The space agency announced yesterday that it would form a team dedicated to studying unidentified aerial phenomena “that cannot be identified as known planes or natural phenomena.” Starting this fall, the team will examine existing data on these objects and come up with new ways to collect future data. All the work, which NASA expects to take nine months, will be done from a “scientific perspective.”

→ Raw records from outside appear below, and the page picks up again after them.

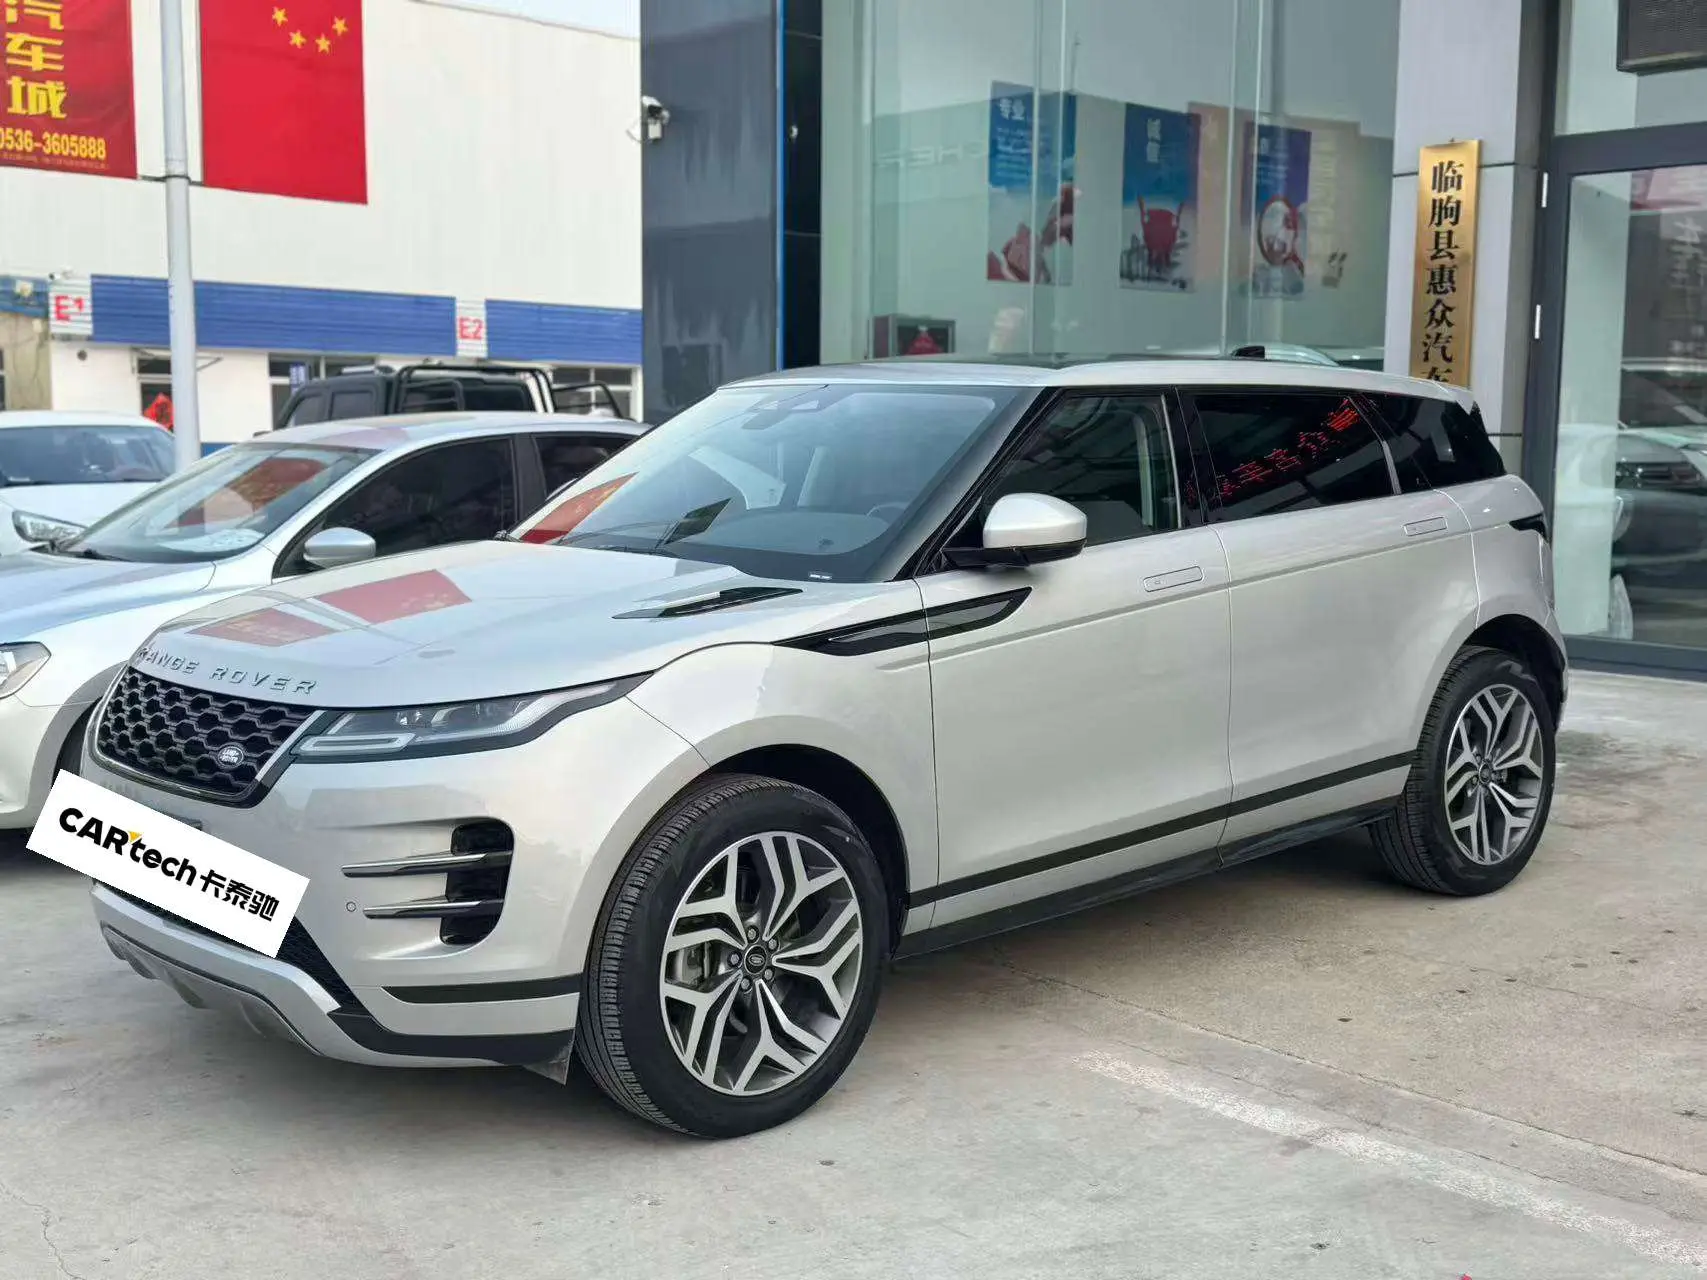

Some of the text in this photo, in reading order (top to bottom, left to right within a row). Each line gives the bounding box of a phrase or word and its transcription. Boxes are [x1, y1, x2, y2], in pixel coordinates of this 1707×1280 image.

[4, 0, 68, 119] 汽车城
[459, 316, 484, 341] E2
[209, 665, 318, 695] ROVER
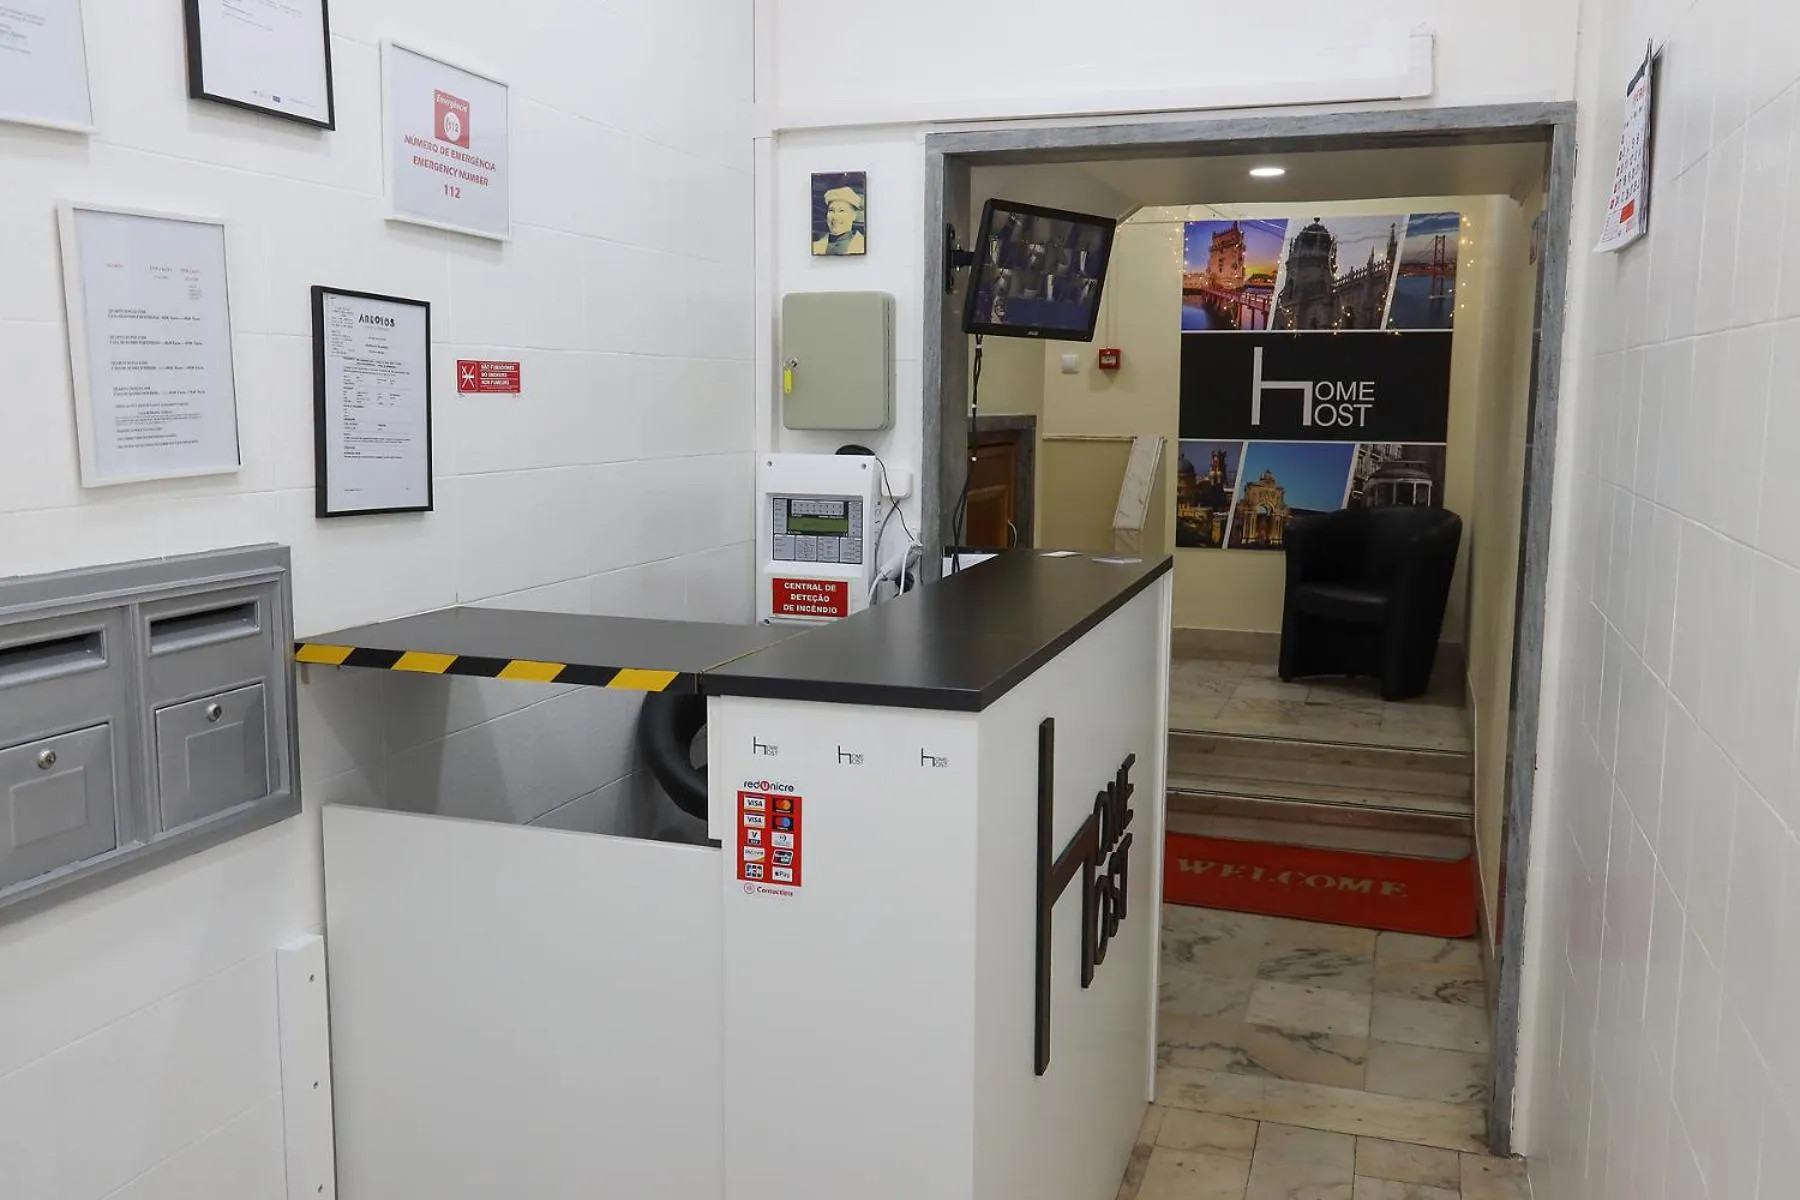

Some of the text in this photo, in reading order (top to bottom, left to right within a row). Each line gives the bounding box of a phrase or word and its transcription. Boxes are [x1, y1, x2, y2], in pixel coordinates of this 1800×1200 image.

[440, 145, 450, 156] DE
[413, 155, 489, 186] EMERGENCY NUMBER
[444, 184, 461, 199] 112
[784, 582, 837, 592] CENTRAL DE
[790, 593, 830, 603] DETEÇÃO
[783, 604, 795, 612] DE
[747, 799, 763, 807] VISA
[1177, 857, 1409, 897] WELCOME

This is the whole turn of events. Of course, there may have been an association in people’s minds between the space agency and unidentified flying objects: the term UFO has been synonymous with alien spacecraft since the day it was coined in the 1950s. and one of NASA’s missions is to find signs. of life beyond Earth. But today’s announcement marked the first time that NASA has entered so widely, and significantly, into the broader discussion of UFOs in the agency’s 64-year history. Not only has NASA changed its focus on reports of mysterious sightings in the sky, but it will create a UFO research team led by a respected astrophysicist and hold public meetings on its findings.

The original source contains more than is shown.